Já tratamos anteriormente da necessidade de identificar-se inerente à natureza humana.
O homem precisa ser identificado nos seus atributos biológicos, psicológicos e sociológicos,
assim como a mulher também precisa. Esse patrulhamento severo e neurótico da sociedade
civilizada fixa e determina essa identidade pela prática sexual do indivíduo, genitalizando essa
identificação. O homossexual ativo continua sendo “homem” e o passivo perde essa condição.
A homossexual ativa perde sua identidade feminina, e a passiva a mantém preservada. Por
que?
Entre os povos primitivos esse fenômeno aparece raramente no comportamento das
pessoas, embora suas cargas genéticas possuam os mesmos cromossomos sexuais masculinos
e femininos que existem nas células dos civilizados. Por que, então, entre eles, o “problema”
da homossexualidade é difícil de ser encontrado? Como eles conseguem realizar esse
milagre?
Antes vamos ver como isso acontece com os animais irracionais. Muitos já
presenciaram animais do mesmo sexo tentando montar, isto é, praticar o ato sexual uns com
os outros. Normalmente eles não conseguem por não ser essa a meta e freqüência da função
preestabelecida pelos instintos naturais. E se conseguem, nada resulta a não ser o prazer
efêmero do ato, que na maioria das vezes não é aceito pelo parceiro. Os cães e as cadelas se
mordem em verdadeiras batalhas quando percebem que o parceiro é do mesmo sexo. Não
foram programados pela natureza para subverter aos instintos, porém, se o número de fêmeas
ou de machos se torna escasso, a freqüência desse comportamento homossexual tende a
aumentar. Se estiverem convivendo em situações antinaturais (prisão, fome, espancamentos,
isolamento prolongado) a persistência desse comportamento pode alterar ou perverter o
condicionamento instintivo.
Gatos que convivem com cães sem brigarem, ratos brancos que não sentem medo de
gatos ou cachorros, tigres e onças que convivem pacificamente com seus donos são situações
muito conhecidas e que mostram com clareza as profundas modificações que podem ocorrer
no comportamento instintivo dos animais.
O comportamento sexual no homem não é diferente, do ponto de vista de sua base
instintiva, do dos outros animais. Pode, da mesma forma, alterar-se e seguir outras tendências,
se estiver submetido a pressões antinaturais.

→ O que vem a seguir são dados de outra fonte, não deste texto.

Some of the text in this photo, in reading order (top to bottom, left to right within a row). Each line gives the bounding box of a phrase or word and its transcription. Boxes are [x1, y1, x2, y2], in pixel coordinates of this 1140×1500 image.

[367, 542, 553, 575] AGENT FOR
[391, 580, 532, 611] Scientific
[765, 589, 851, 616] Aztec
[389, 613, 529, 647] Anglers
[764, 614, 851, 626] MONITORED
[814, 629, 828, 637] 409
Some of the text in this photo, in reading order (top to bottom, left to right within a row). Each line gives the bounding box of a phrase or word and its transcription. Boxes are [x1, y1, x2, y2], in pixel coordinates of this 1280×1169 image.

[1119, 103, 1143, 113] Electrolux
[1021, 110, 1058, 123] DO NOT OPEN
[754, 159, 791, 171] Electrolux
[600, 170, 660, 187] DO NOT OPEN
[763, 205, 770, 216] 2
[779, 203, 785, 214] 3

A sabedoria da engenharia natural deixou sempre uma margem de segurança para
redirecionar e preservar a espécie. Indivíduos masculinos e femininos possuem uma condição
genética, psicológica e sociológica mista, isto é, preparada para reorganizar as espécies em
casos de profundas alterações do equilíbrio ambiental.

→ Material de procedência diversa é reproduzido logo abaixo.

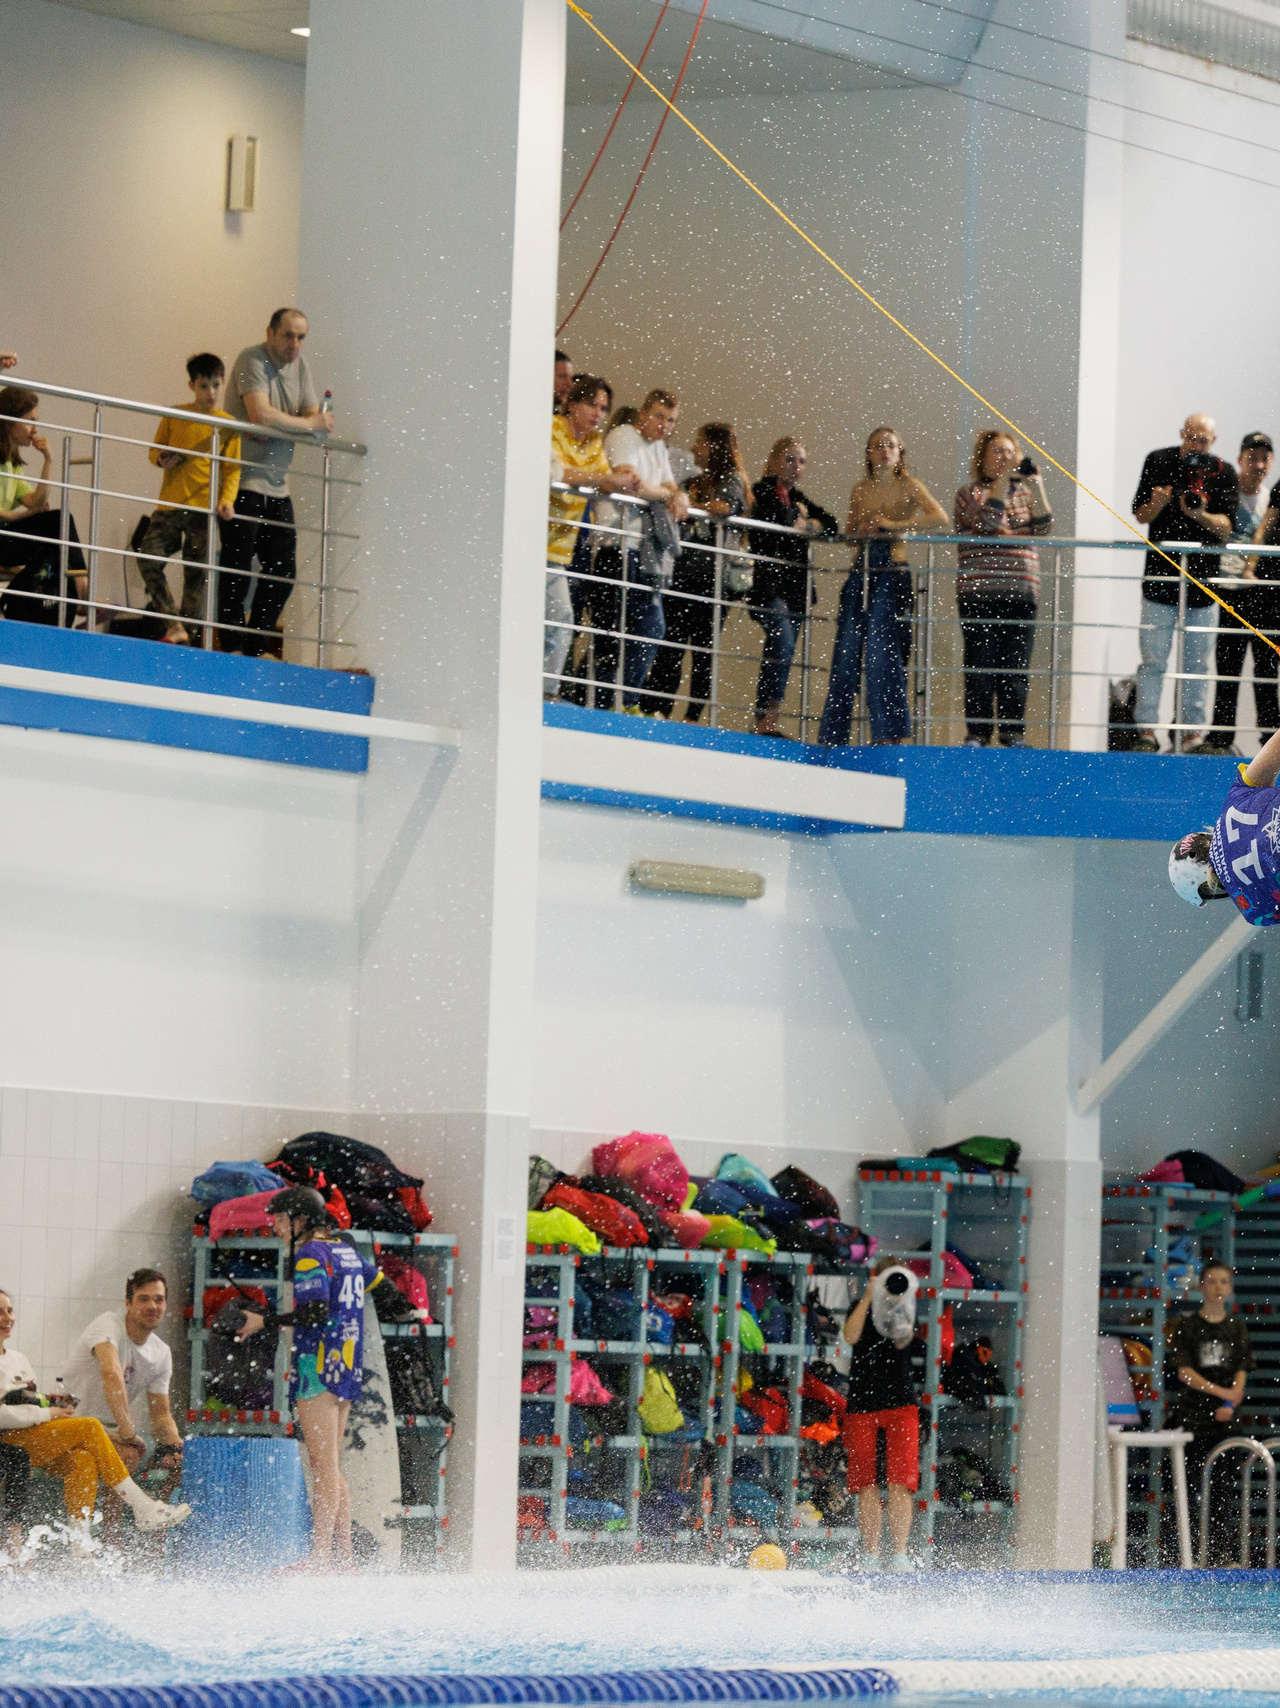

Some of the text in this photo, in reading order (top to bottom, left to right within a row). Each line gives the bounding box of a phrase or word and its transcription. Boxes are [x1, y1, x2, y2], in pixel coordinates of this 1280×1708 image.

Se determinado indivíduo masculino está tendente sempre a desempenhar seu papel
masculino isso não significa que ele, de vez em quando, não possa fazer ensaios ou
treinamentos de papéis femininos, mesmo inconscientemente ou em sonhos. Voltará ao papel
preferido quando perceber que esses ensaios não lhe agradam, que não combinam com o seu
desejo ou com sua posição social no grupo ao qual pertence.
Se não estiver submetido ou não tiver passado por situações antinaturais, escolherá
voltar sempre para o papel original. Isso fica demonstrado em situações nas quais muitos
homens se sentem compelidos a imitar mulheres em peças de teatro ou no Carnaval. Os que
assistem reagem freqüentemente da seguinte maneira:

=> Riem, achando muito engraçado
=> Dissimulam indiferença
=> Reagem com irritação criticando a cena
=> Se mostram interessados e imitam o ator

Todas essas reações demonstram o quanto de atenção prestamos e nos interessamos
pelas manifestações da homossexualidade. Homens e mulheres civilizados trazem sempre
para o tema da conversa esse tipo de manifestação do comportamento. Riem, fofocam, fingem
que se assustam, criticam ou reagem favoravelmente ou contra esses comportamentos.

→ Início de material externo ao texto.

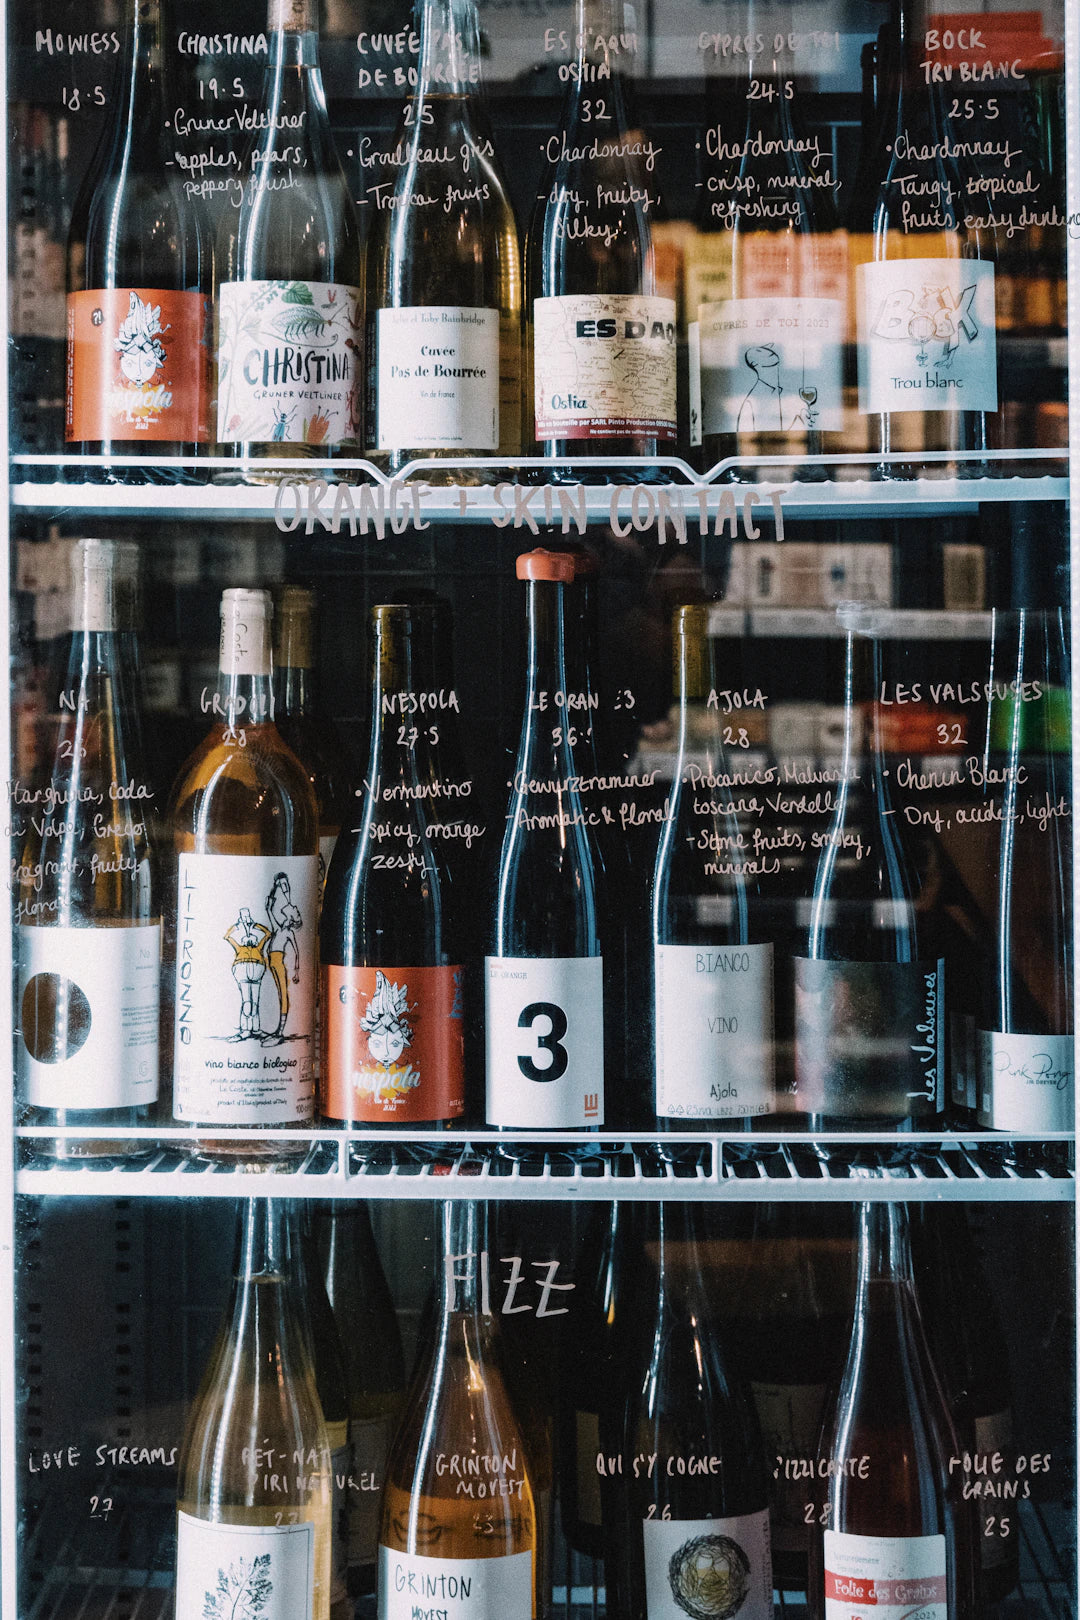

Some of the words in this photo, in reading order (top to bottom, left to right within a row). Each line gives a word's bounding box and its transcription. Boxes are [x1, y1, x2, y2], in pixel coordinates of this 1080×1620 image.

[177, 32, 268, 55] CHRISTINA
[543, 28, 568, 52] ES
[924, 28, 986, 49] BOCK
[358, 66, 388, 88] DE
[558, 62, 610, 82] OSTIA
[958, 59, 1026, 82] BLANC
[402, 104, 435, 127] 25
[581, 99, 613, 123] 32
[546, 130, 663, 172] Chardonnay
[705, 124, 835, 168] Chardonnay
[893, 130, 1024, 167] Chardonnay
[576, 318, 617, 338] ES
[756, 317, 770, 328] DE
[779, 317, 799, 328] TOI
[420, 345, 456, 357] Cuvée
[391, 365, 411, 378] Pas
[414, 365, 429, 378] de
[433, 363, 486, 379] Bourrée
[890, 376, 921, 389] Trou
[925, 371, 964, 389] blanc
[551, 393, 588, 412] Ostia
[274, 476, 431, 540] ORANGE
[491, 484, 588, 536] SKIN
[608, 484, 787, 545] CONTACT
[381, 689, 461, 714] NESPOLA
[879, 680, 922, 706] LES
[928, 679, 1044, 703] VALSEUSES
[722, 726, 751, 749] 28
[936, 722, 970, 746] 32
[965, 754, 1029, 787] Blanc
[363, 775, 474, 802] Vermentino
[424, 819, 487, 849] orange
[13, 897, 74, 926] flora
[695, 953, 750, 974] BIANCO
[707, 1016, 739, 1034] VINO
[517, 1001, 569, 1083] 3
[226, 1057, 260, 1070] bianco
[262, 1056, 298, 1073] biologico
[709, 1082, 738, 1102] Ajola
[443, 1250, 577, 1318] FIZZ
[28, 1447, 81, 1473] LOVE
[95, 1444, 179, 1466] STREAMS
[436, 1448, 518, 1478] GRINTON
[595, 1452, 624, 1476] QUI
[666, 1455, 723, 1477] COGNE
[1015, 1452, 1052, 1474] DES
[962, 1479, 1031, 1501] GRAINS
[983, 1515, 1011, 1538] 25
[395, 1564, 472, 1601] GRINTON
[834, 1579, 865, 1598] Folie

Não devemos considerar o comportamento reativo homossexual como doença ou semvergonhice,
como bom ou mau comportamento, como direito ou falta de direito, como
conquista ou retrocesso. É sensato compreendê-lo como sintoma social. Como forma reativa
individual frente a pressões antinaturais geradas pelo próprio processo civilizatório, que se
projeta contra os indivíduos de ambos os sexos. Na verdade parece ser um mecanismo de
segurança usado pela natureza para a preservação da espécie, já que é através do mecanismo
de reprodução que ela se utiliza para alcançar esse fim.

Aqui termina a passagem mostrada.